Dr. Chao indicated no relevant conflicts of interest.

Naveiras O, Nardi V, Wenzel PL, et al. Bone-marrow adipocytes as negative regulators of the haematopoietic microenvironment. Nature. 2009;460:259-63.

In our current epidemic of obesity, fat is a dreaded word. By some estimates, Americans spend $40 billion per year on weight-loss programs and diets. Now comes yet more evidence that fat is bad … for hematopoiesis. We have learned a lot about hematopoietic niches. Signals imparted from these cells directly contribute to the fate of the stem cells, whether by direct signaling or gradients of secreted factors and extracellular matrix. The importance of niches for hematopoiesis has been established through alterations of osteoblasts or vascular beds. The conventional wisdom was that as the patient ages or is treated with radiation or chemotherapy, the marrow pulp is gradually replaced by more and more fat (more correctly, by adipocytes), thought to simply “fill in the space.”

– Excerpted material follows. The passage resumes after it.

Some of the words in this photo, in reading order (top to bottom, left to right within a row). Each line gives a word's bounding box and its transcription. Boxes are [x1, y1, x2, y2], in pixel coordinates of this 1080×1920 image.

The current work by Naveiras et al., from George Daley’s lab, upends this conventional wisdom. They began their studies by comparing the contents of hematopoietic stem cells and their progenitors in different vertebral bodies. In the mouse, the central vertebral bodies (thorax) contain the fewest adipocytes, and as one moves toward the tail, starting at the third or fourth tail segments, it becomes full of adipocytes. The percentage of all hematopoietic progenitor classes was reduced 2- to 3-fold in the adipocyte-rich tail vertebrae compared with the thoracic vertebral bodies. They then tested the effects of radiation and hematopoietic transplantation on a genetically modified mouse, the lipoatrophic “fatless” A-ZIP/F1 mouse, which is unable to form adipocytes. When these fatless mice were compared with normal controls, the fatless mice rescued hematopoiesis in the tail and had higher hemoglobin and white blood cells in the circulation. All the known hematopoietic progenitors were increased in the fatless mouse. Interestingly, however, when comparing short-term versus long-term hematopoietic stem cells in normal animals, the tail vertebral body’s cells resulted in more multilineage, long-term engraftment, suggesting that the residual cells in the tail marrow were more quiescent.

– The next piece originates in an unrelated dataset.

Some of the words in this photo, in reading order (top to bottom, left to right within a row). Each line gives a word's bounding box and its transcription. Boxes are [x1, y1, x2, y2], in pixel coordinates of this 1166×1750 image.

Lastly, they tested whether blocking adipogenesis could have an impact on hematopoiesis. They utilized a compound called biphenol A diglycidyl ether (BADGE) that blocks peroxisome proliferator-activated receptor gamma (PPAR-γ), which was shown to prevent adipocyte formation in the marrow. Animals treated with BADGE after hematopoietic cell transplantation had higher peripheral blood counts and more colony formingunits.

Taken together, these data suggest that, as in most areas of biology, there are positive and negative regulators of most cellular functions. In hematopoiesis, the osteoblasts (and likely other cells) supply a positive signal, whereas the adipocytes appear to be a negative regulator, perhaps keeping the cells in a more quiescent stage. Moreover, the possibility of regulation of adipocytes through inhibiting PPAR-γ or other pathways raises the potential of enhancing engraftment after hematopoietic cell transplantation.